I stepped back from the wall and almost fell. She grabbed and shook me. Hard. “Zara! What should we do?”

Suddenly a shudder went through Nadim’s body, an ominous shiver that brought with it a low, silvery flash of what felt like pain. Please, Nadim. . . . I remembered the video I’d found, the one he hadn’t wanted me to see, of the grim third voyage where he’d lost his Honors and nearly his own life.

Oh God. He’s gone dark.

This is why I built the alarm, I realized, and felt immediately better. Quickly I ran diagnostics; it had all looked good before, and still did; shouldn’t it have buzzed him awake by now? I checked it again. Diagnostics said it was fine, but it wasn’t responding.

I tried inputting the backdoor code I’d created but it only turned the alarm off, when it was allegedly on already. The shock part wasn’t working. . . . What the hell did I do wrong?

It came to me with a rush of horror what Nadim had so off-handedly said: that it would be installed before he went on the Journey. But we weren’t on the Journey yet. Right now, the thing worked, but it wasn’t installed. And it wasn’t doing a damn bit of good sitting in the assembly bay.

He was supposed to be safe on the Tour without it.

I grabbed Bea’s hands. “Manual controls! Go!”

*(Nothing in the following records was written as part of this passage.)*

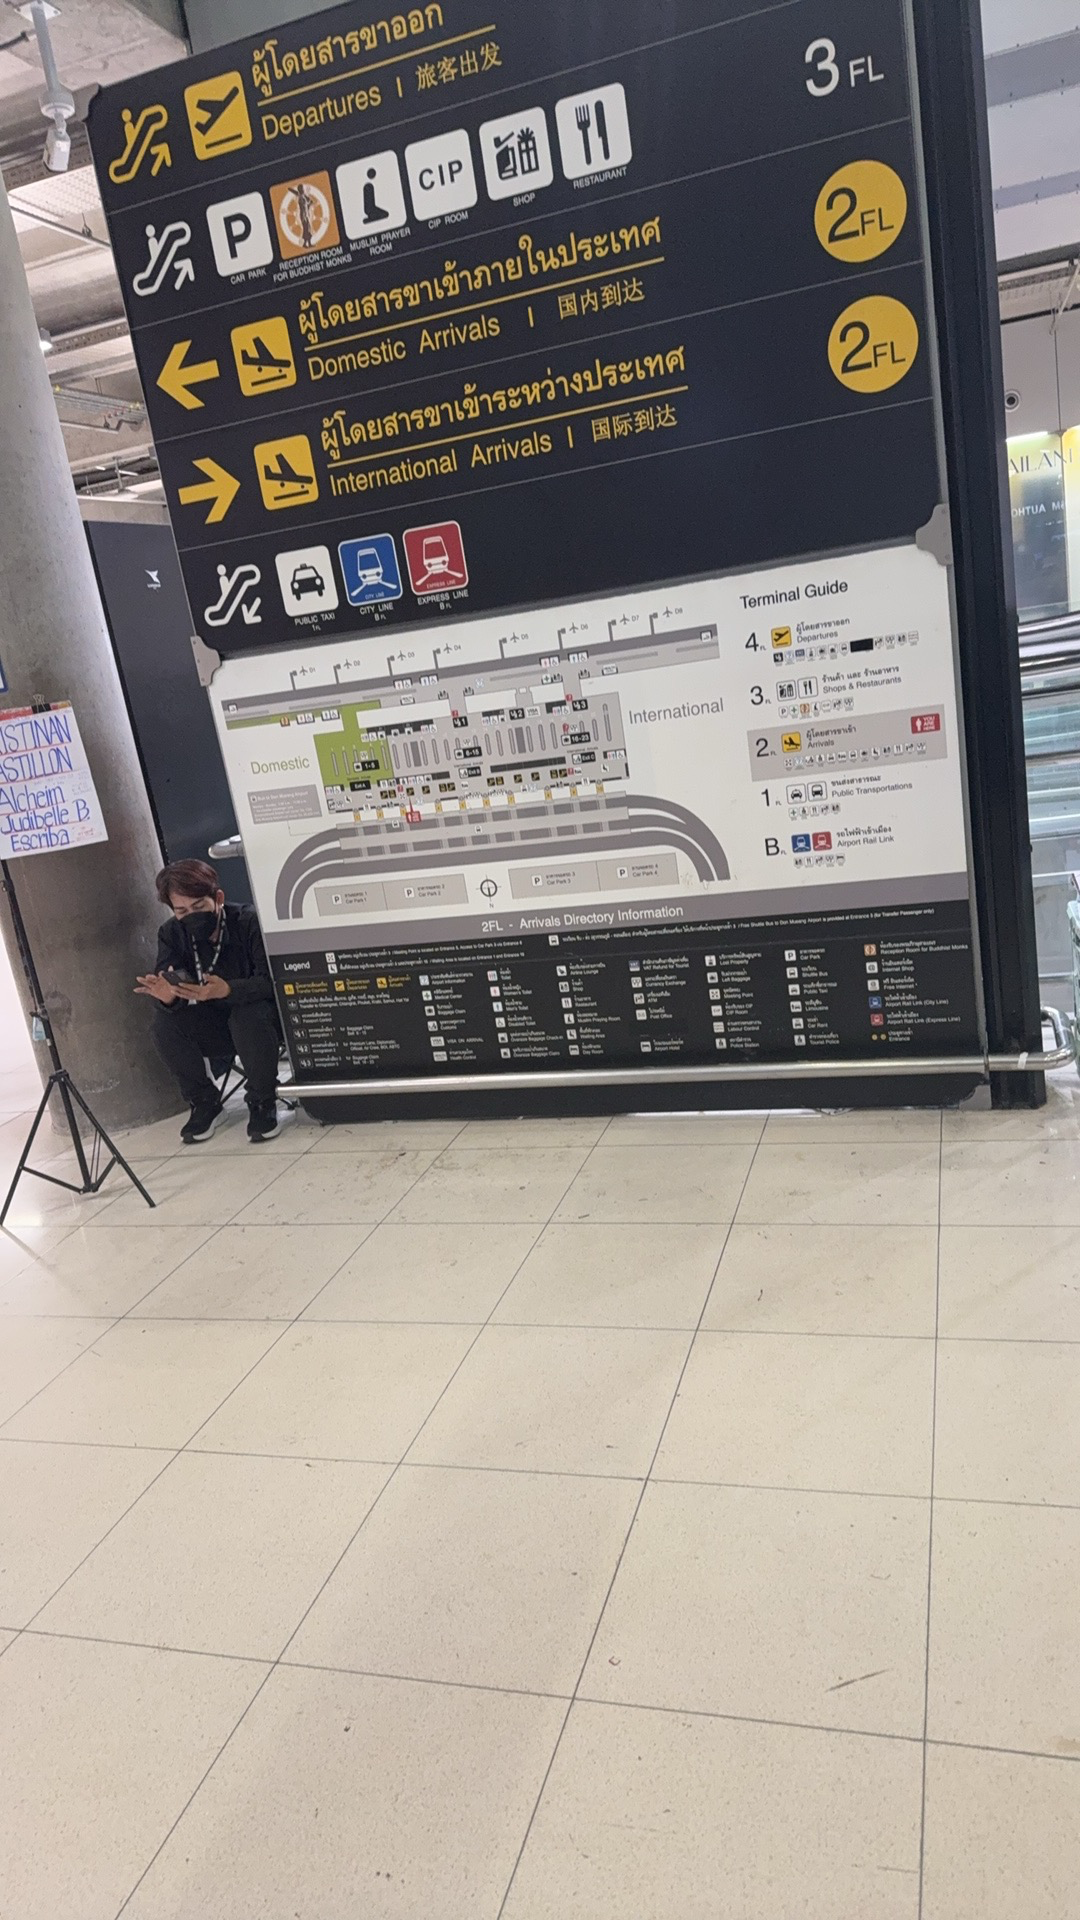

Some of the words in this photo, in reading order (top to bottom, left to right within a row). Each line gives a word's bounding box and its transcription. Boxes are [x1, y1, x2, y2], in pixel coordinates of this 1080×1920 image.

[252, 2, 444, 97] ผู้โดยสารขาออก
[415, 43, 502, 92] 旅客出发
[804, 38, 840, 97] 3
[849, 55, 884, 87] FL
[260, 84, 382, 141] Departures
[418, 159, 463, 190] CIP
[573, 167, 627, 190] RESTAURANT
[513, 193, 536, 207] SHOP
[428, 219, 441, 230] CIP
[444, 211, 469, 225] ROOM
[223, 212, 251, 260] P
[350, 237, 378, 252] MUSLIM
[381, 227, 411, 244] PRAYER
[279, 253, 320, 271] RECEPTION
[320, 246, 343, 260] ROOM
[369, 243, 393, 256] ROOM
[230, 273, 245, 285] CAR
[248, 269, 267, 281] PARK
[273, 271, 288, 283] FOR
[289, 263, 325, 280] BUDDHIST
[326, 254, 352, 271] MONKS
[299, 216, 662, 345] ผู้โดยสารขาเข้าภายในประเทศ
[558, 277, 644, 320] 国内到达
[308, 338, 406, 382] Domestic
[419, 315, 501, 356] Arrivals
[321, 345, 686, 461] ผู้โดยสารขาเข้าระหว่างประเทศ
[591, 405, 678, 443] 国际到达
[329, 449, 458, 498] International
[470, 429, 552, 471] Arrivals
[426, 581, 445, 589] EXPRESS
[739, 587, 800, 609] Terminal
[805, 580, 848, 598] Guide
[360, 605, 375, 615] CITY
[378, 602, 394, 612] LINE
[417, 593, 450, 606] EXPRESS
[452, 590, 469, 599] LINE
[294, 615, 319, 626] PUBLIC
[321, 612, 336, 621] TAXI
[797, 630, 839, 644] Departures
[823, 683, 847, 694] Shops
[848, 681, 855, 690] &
[856, 675, 902, 690] Restaurants
[629, 698, 724, 725] International
[0, 714, 72, 755] ISTINAN
[807, 738, 835, 749] Arrivals
[250, 755, 310, 775] Domestic
[832, 787, 854, 798] Public
[856, 782, 913, 796] Transportations
[0, 805, 69, 836] Judibelle
[11, 828, 70, 852] Escriba
[837, 837, 861, 849] Airport
[862, 836, 878, 846] Rail
[879, 835, 894, 844] Link
[481, 921, 503, 933] 2FL
[520, 917, 561, 930] Arrivals
[564, 910, 615, 928] Directory
[618, 905, 684, 921] Information
[283, 961, 311, 972] Legend

Her lips parted, but she didn’t waste time asking questions; she turned and ran down the corridor, around the curve. I followed on shaky legs, feeling more strikes and shivers in his body, like needles driven into my own skin.

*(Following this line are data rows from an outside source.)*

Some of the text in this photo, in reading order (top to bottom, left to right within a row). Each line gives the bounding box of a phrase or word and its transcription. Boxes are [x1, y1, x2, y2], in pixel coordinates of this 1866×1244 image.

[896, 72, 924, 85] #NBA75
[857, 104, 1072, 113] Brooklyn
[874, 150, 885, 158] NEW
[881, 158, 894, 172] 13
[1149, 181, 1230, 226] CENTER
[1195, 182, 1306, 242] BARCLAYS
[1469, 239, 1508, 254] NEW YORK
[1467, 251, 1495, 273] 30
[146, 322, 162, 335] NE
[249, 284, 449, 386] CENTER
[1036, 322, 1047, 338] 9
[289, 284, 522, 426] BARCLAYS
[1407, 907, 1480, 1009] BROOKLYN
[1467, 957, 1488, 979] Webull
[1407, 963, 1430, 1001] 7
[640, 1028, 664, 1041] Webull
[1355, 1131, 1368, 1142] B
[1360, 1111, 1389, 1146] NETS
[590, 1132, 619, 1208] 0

As I got to the hub, Bea was cursing under her breath in rapid-fire Portuguese, staring at the data readouts as her fingers flew, touching controls, swiping, spinning. I headed for an adjacent data station to check on Nadim’s condition, but a speck of darkness caught my eye on the viewport, occluding a cluster of stars. Then it was larger, huge, and I involuntarily ducked as it slammed brutally into the wall a few meters over my head with an enormous, shuddering impact. I expected glass to crack and expel me into space, but the thing bounced off and rolled away into the dark.

Another sharp, silvery pain beneath my skin. Nadim’s nerves firing warnings to a brain that was no longer receiving.

“Bea!” I shouted.

“I know!” she called back, and finally, finally, something she did worked. I felt a lurch inside, and a tugging, drawing sense of deceleration.